GiuseppeDiLuna · on Dec 3, 2020

Dear HN community,

I am one of the paper authors, the paper has been accepted for presentation at ASPLOS 2021.

If you have any question let me know!

jmorse2 · on Dec 3, 2020

Thanks for finding all those bugs! I see the BI / SI / LI invariances you define are looking for program states that aren't present in the unoptimised program, while PI is looking for the absence of information that is in the unoptimised code. Do you think it will be possible to define and search for invariants that involve program states that are in the unoptimised program, but are presented in in the wrong way in the optimised program? For example variable values being presented at the wrong time, or stepping behaviour that misleads developers.

It'd be great to hunt those kinds of bugs, however it's hard to define what the "right" behaviour would be in those circumstances.

GiuseppeDiLuna · on Dec 3, 2020

Hi!

We are able to identify some kind of mis-stepping behaviour (look at Section 7-6). However, as you can imagine, we cannot catch all cases.

As you pointed out, a real problem is that there is no clear definition of what should be the semantic of debug information in the optimized binary (e.g., the compiler is free to squish several lines of source code into a smaller snippet of assembly language).

We are working to have more refined results in the near future .

pabs3 · on Dec 3, 2020

What are your future plans for your framework? Will you spin it out into a startup? Will it only be used for writing future papers? Will it be released under an open source license?

GiuseppeDiLuna · on Dec 3, 2020

Hi!

We plan to use the framework to investigate more the correctness of debug information. Personally, I am not interested in startup and commercial opportunities.

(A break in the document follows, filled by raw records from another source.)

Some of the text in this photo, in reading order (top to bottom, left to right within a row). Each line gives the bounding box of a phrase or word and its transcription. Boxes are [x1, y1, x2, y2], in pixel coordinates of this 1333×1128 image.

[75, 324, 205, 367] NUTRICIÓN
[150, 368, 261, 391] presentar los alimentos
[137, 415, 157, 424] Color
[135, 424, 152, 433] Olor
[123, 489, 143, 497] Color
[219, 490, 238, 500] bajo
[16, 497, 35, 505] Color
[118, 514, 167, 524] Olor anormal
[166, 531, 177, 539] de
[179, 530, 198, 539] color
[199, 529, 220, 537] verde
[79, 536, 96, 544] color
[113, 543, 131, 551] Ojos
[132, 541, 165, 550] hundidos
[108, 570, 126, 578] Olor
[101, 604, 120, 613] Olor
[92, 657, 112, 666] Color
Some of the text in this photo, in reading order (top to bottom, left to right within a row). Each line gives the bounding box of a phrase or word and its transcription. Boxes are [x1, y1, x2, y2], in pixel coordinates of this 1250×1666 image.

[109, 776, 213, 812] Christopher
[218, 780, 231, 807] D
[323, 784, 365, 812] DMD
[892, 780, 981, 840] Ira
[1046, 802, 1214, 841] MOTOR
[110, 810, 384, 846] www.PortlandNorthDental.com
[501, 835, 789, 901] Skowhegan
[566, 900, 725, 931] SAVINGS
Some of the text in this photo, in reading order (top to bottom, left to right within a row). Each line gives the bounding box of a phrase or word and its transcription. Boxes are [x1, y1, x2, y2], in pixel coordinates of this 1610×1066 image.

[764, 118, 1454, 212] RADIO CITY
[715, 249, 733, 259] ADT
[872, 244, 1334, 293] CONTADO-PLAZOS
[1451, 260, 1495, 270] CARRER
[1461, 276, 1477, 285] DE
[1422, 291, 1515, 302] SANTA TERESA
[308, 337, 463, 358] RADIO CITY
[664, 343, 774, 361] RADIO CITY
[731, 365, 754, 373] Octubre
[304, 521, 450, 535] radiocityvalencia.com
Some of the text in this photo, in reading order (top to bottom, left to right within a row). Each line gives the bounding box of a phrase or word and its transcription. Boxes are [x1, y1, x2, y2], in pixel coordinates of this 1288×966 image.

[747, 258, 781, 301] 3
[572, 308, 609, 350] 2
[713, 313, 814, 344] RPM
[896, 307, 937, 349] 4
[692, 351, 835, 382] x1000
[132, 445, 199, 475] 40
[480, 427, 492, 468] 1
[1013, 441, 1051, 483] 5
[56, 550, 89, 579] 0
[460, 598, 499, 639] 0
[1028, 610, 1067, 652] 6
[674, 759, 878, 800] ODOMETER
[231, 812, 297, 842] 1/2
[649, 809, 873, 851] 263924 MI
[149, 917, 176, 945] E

Releasing the software is a step we are discussing.

pabs3 · on Dec 4, 2020

Have you done any analysis of the debug symbols provided by Linux distros like Debian or Fedora?

scaramanga · on Dec 3, 2020

Nice work, thanks for doing this.

Is there anybody working on evolving DWARF in the ways you suggest in the paper?

GiuseppeDiLuna · on Dec 3, 2020

Many thanks for your interest!

We are not working on DWARF. However, we hope that the paper will spur a public discussion on these problems. Helping the entire community to have a more expressive standard.

framecowbird · on Dec 3, 2020

> We have used \n to find 23 bugs in the LLVM toolchain

For a second here I thought they had called their tool "\n". That would be pretty baller...

dstick · on Dec 3, 2020

Hehe, and then incorporate a company called "rm -rf /"

GiuseppeDiLuna · on Dec 3, 2020

Many thanks for catching the typos! I will update the arxiv to fix it.

MaxBarraclough · on Dec 3, 2020

Very cool. Promising stuff. Is the Debug^2 framework publicly available? Any chance it will find its way into the test suites of the debuggers?

> Our framework feeds random source programs to the target toolchain and surgically compares the debugging behavior of their optimized/unoptimized binary variants.

I thought this had the flavour of John Regehr's work, and sure enough, they're using C-Reduce.

An interesting somewhat related paper about automatically exposing bugs in C compilers, by Regehr et al: Finding and Understanding Bugs in C Compilers, https://www.cs.utah.edu/~regehr/papers/pldi11-preprint.pdf

edit I missed the author's comment in this thread that Releasing the software is a step we are discussing. Please do release the framework, ideally under a standard Free and Open Source licence. As we've just seen with C-Reduce, this is a helpful thing to do.

SAI_Peregrinus · on Dec 3, 2020

> When debugging issues —sometimes caused by “heisenbugs”

IME "Heisenbugs" are specifically bugs whose behavior changes when you attach a debugger (or other instrumentation). It's a joking reference to the Heisenberg uncertainty principle of quantum mechanics. The more you try to measure one property of the system, the less you can know about some other related property. They're usually race conditions or memory corruption where the instrumentation disrupts the timing or order of operations just enough to make the bug go away.